Tous les refuges vont-il rouvrir en même temps ? Quelles seront les conditions d’accès ? Le bivouac sera-t-il autorisé ? Autant de questions qui s’imposent à la veille de la rouverture annoncée pour le 2 juin. Réponses d’Eric Charamel, Président de la Compagnie des guides de laVanoise et membre du groupe de travail travaillant depuis plus d’un mois sur ce dossier, sous l’autorité de la secrétaire d’état Emmanuelle Wargon et de Louis Laugier, préfet de Savoie.
Quand, précisément, les refuges vont-ils rouvrir ?
« Le principe de la rouverture des refuges, partout en France, est acquis pour la date du 2 juin. Ce qui ne veut pas dire que tous vont rouvrir à cette date, loin de là. Cette reprise d’activité étant conditionnée par l’application d’un protocole sanitaire écrit très strict, tout dépendra des sites. Or, Il faut bien comprendre que chaque refuge est unique. Certains s’y prêtent, moyennant des ajustements, notamment au niveau des possibilités d’accueil. D’autres, modestes ou très sommaires, ne pourront pas s’y plier.
Il appartient donc en premier lieu au gardien de prendre cette décision, en concertation avec le propriétaire du refuge – privé, FFCAM, mairie ou parc. La commune accorde l’autorisation finale et la préfecture donne le dernier mot, si besoin.
Impossible dans ces conditions de dire quel sera le premier refuge à ouvrir.
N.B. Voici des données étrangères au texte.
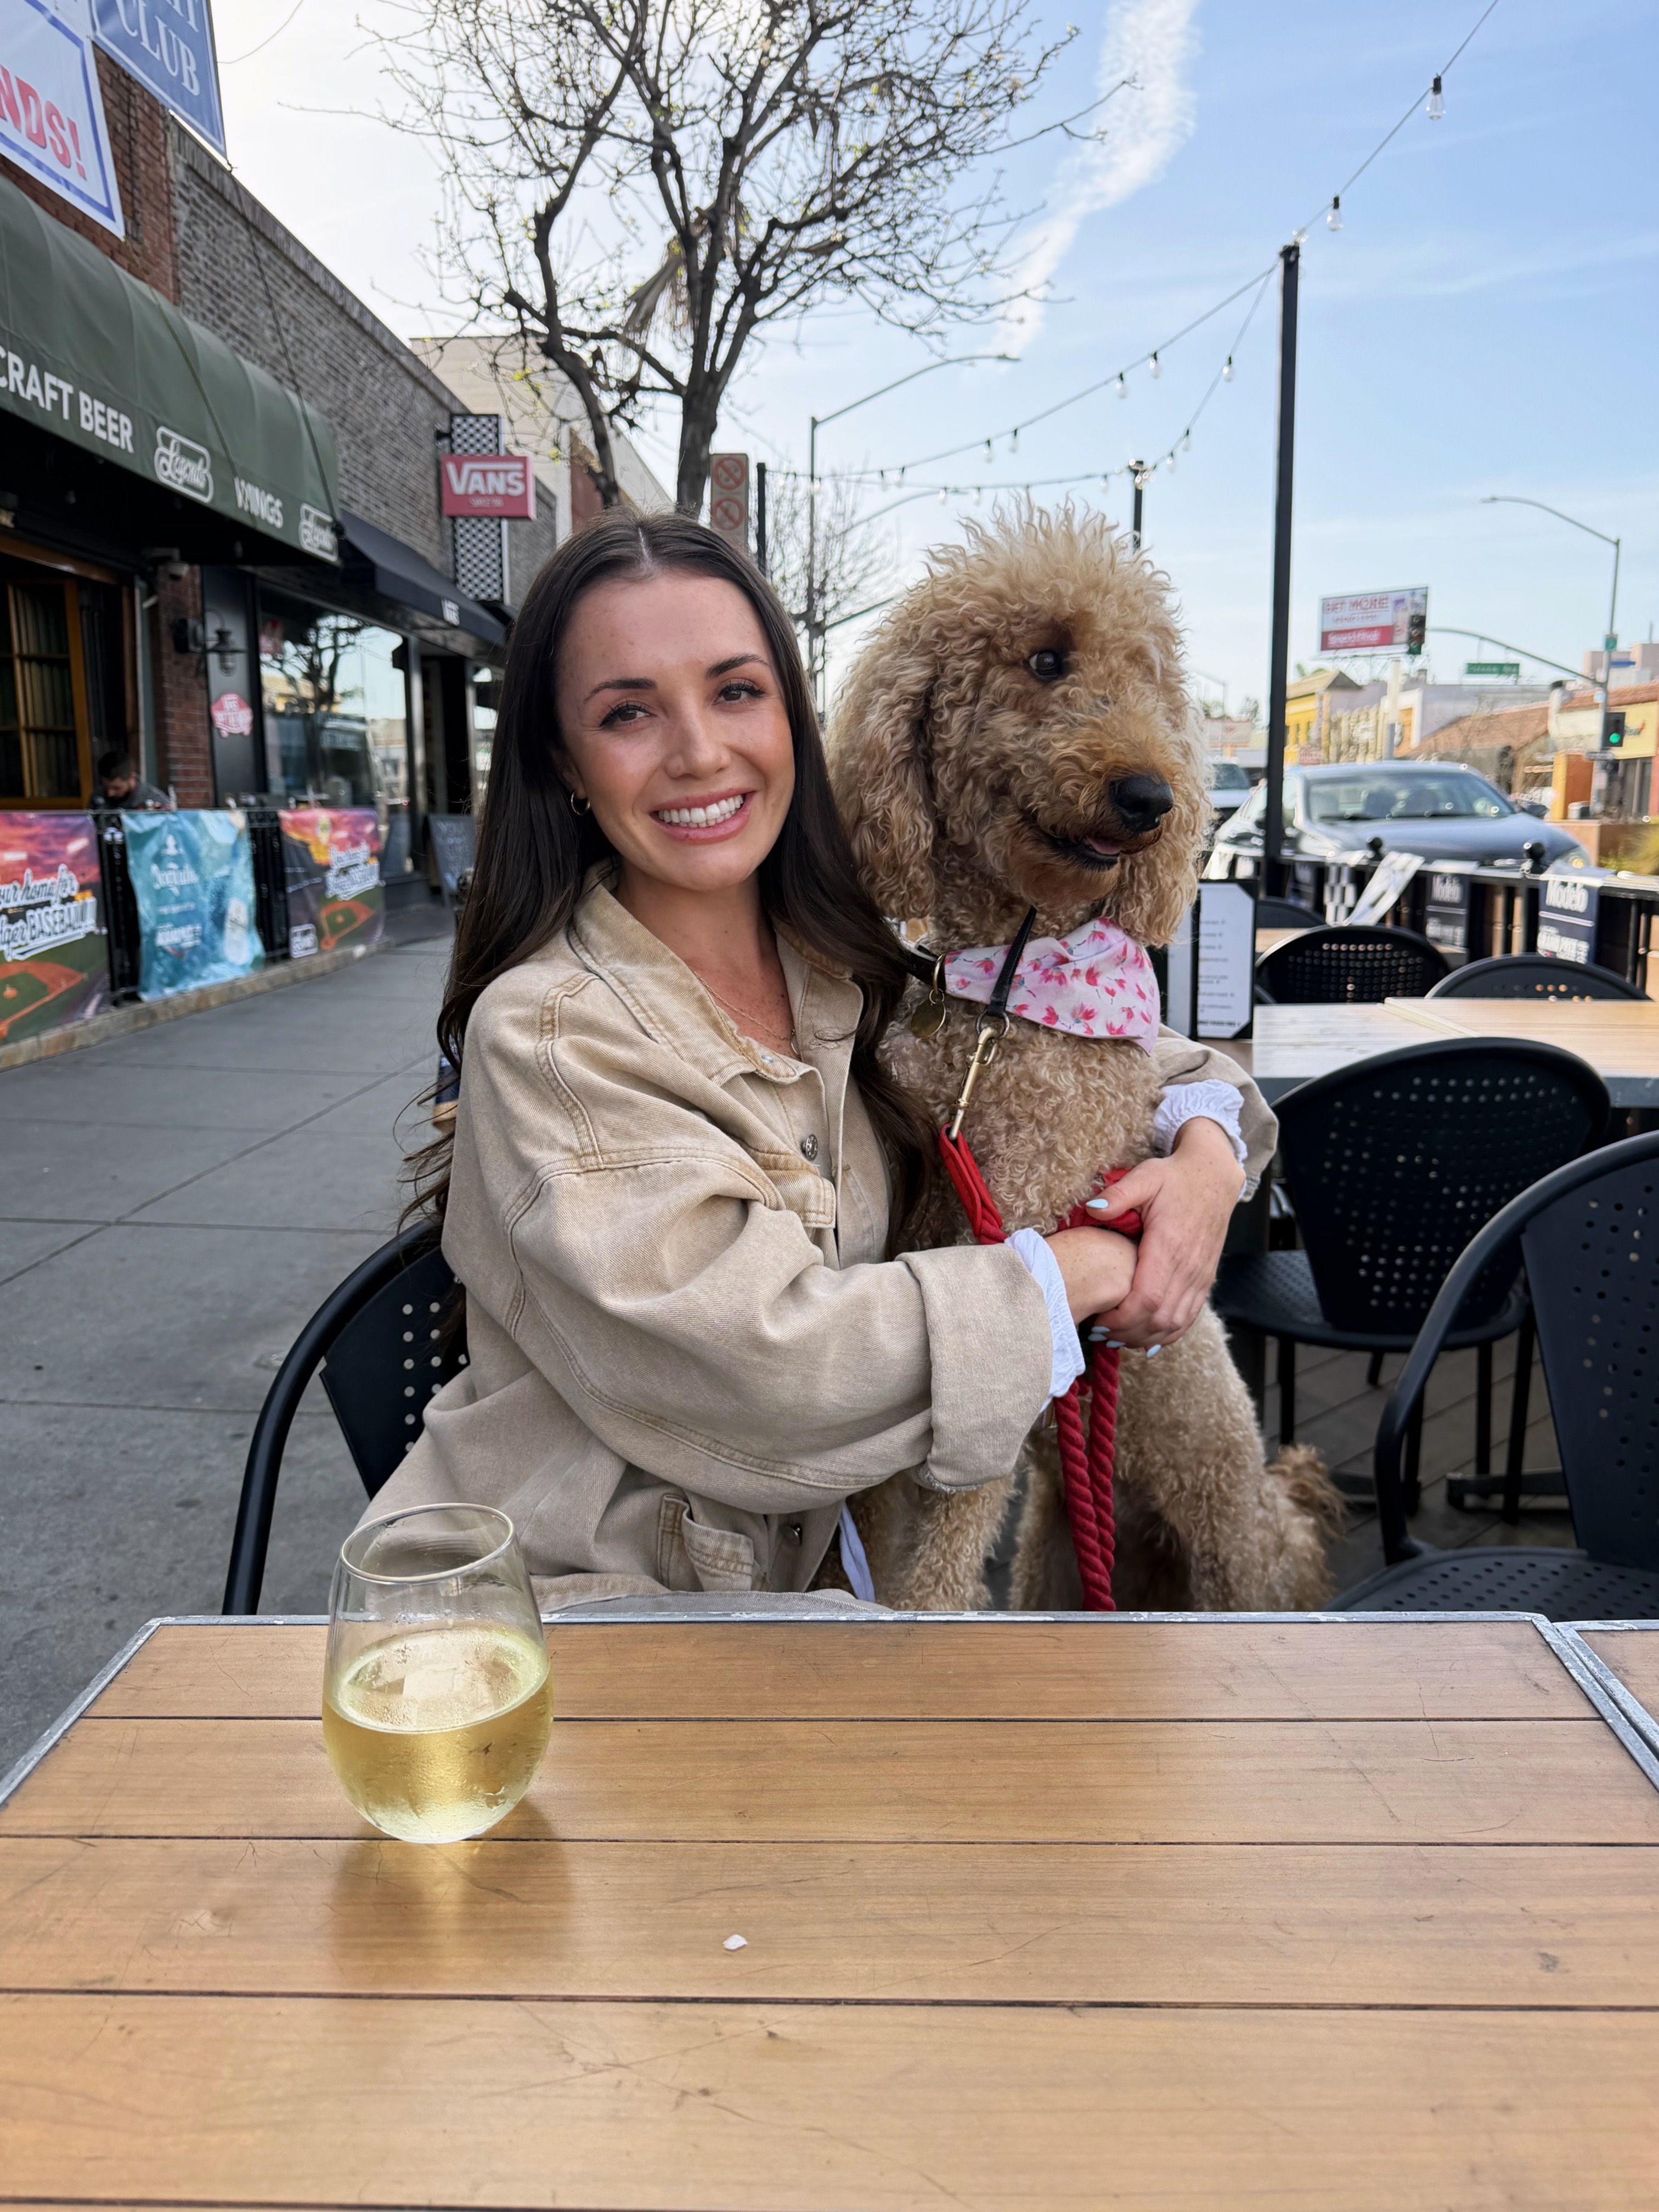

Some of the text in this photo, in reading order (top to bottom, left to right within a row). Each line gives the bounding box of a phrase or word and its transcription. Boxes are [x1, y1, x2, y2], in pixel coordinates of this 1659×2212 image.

[116, 0, 200, 96] CLUB
[78, 390, 134, 454] BEER
[445, 461, 526, 497] VANS
[234, 476, 284, 529] WINGS
[21, 870, 55, 901] home
[1431, 873, 1464, 904] Modelo
[1545, 879, 1589, 913] Modelo
En revanche on sait que Les Cosmiques, sur l’Aiguille du Midi, géré par la Compagnie des Guides, fera figure de test et fera partie des premiers, sans doute durant la première semaine de juin. »
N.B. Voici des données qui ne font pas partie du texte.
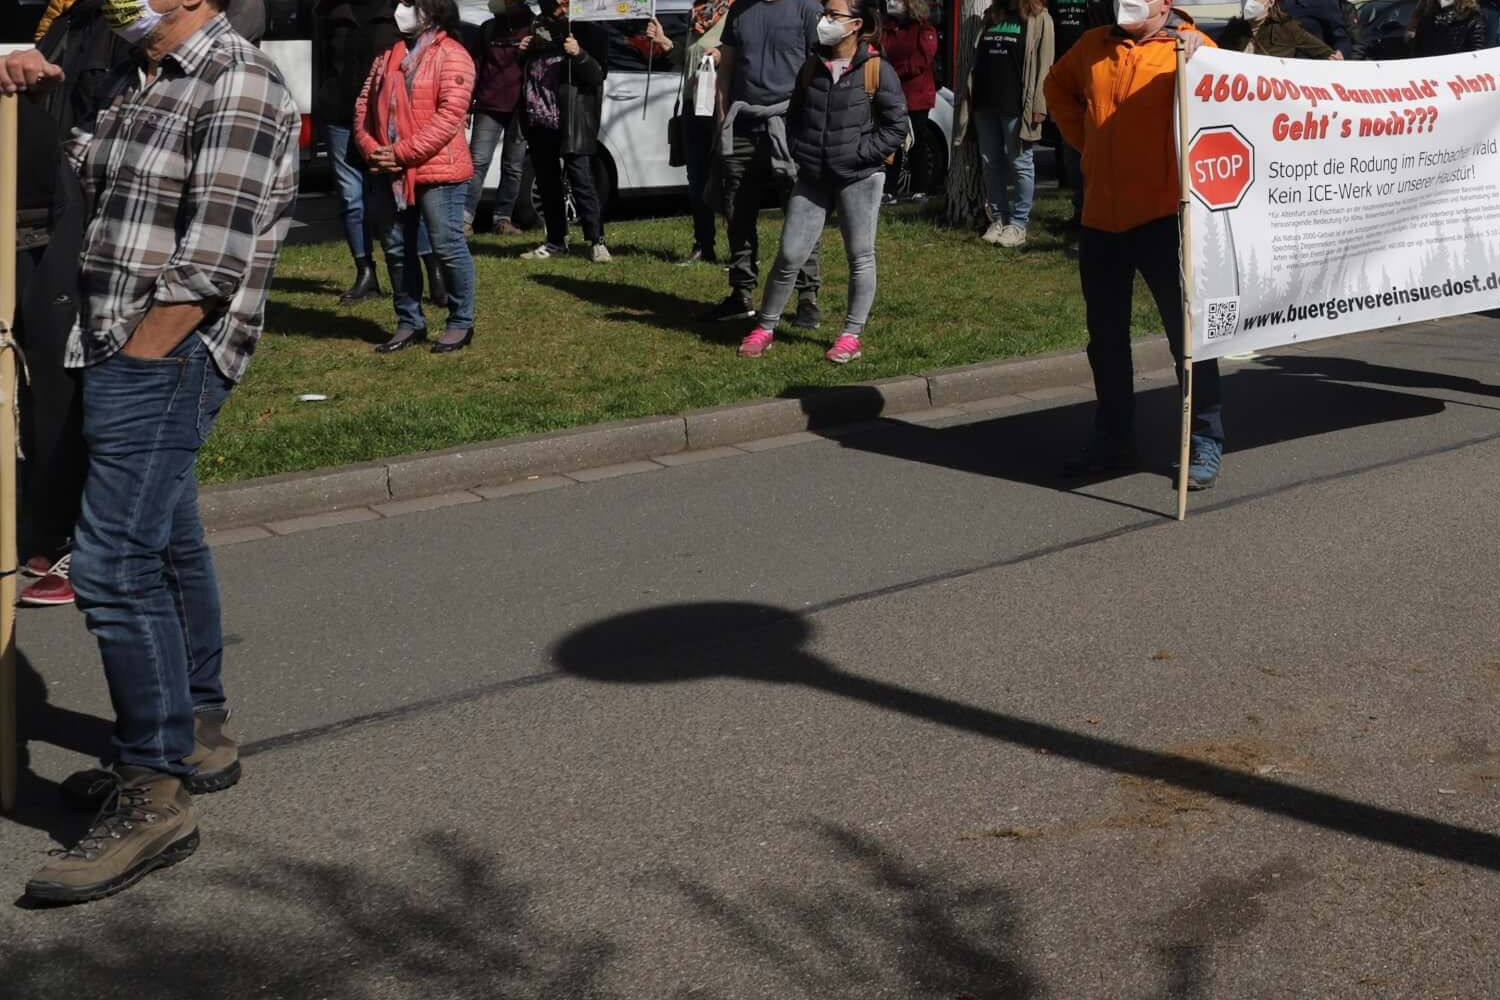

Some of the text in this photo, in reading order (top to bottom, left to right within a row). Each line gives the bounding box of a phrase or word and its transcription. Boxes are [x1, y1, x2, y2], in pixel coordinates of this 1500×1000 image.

[1446, 73, 1497, 101] platt
[1359, 105, 1438, 137] noch???
[1195, 154, 1243, 183] STOP
[1268, 160, 1319, 182] Stoppt
[1323, 158, 1345, 176] die
[1350, 155, 1398, 175] Rodung
[1401, 156, 1416, 169] im
[1268, 187, 1302, 205] Kein
[1307, 181, 1373, 203] ICE-Werk
[1376, 182, 1395, 196] vor
[1397, 175, 1436, 194] unserer
Quid des refuges du massif du Mont-Blanc ?
« Le Goûter devrait ouvrir le 10 juin, Tête Rousse, le 11 juin et le refuge du Nid d’Aigle, le 12 juin. »
Quelles seront les conditions d’accès ?
« Avant tout, à compter du 2 juin, pour dormir en refuge il faudra s’y inscrire au préalable, via le site de la FFCAM ou celui du refuge concerné, notamment pour les parcs nationaux.
Au moment de l’inscription, il faudra signer une charte. L’idée est que les randonneurs ou alpinistes prennent conscience qu’en refuge l’espace est réduit et les conditions d’hygiène particulières. Un refuge n’étant pas un hôtel, les règles de distanciation sont à respecter de manière stricte. «
A noter enfin que les gardiens devront tenir un registre de présence afin de pouvoir tracer les pratiquants et de localiser d’éventuels clusters, foyers de contamination.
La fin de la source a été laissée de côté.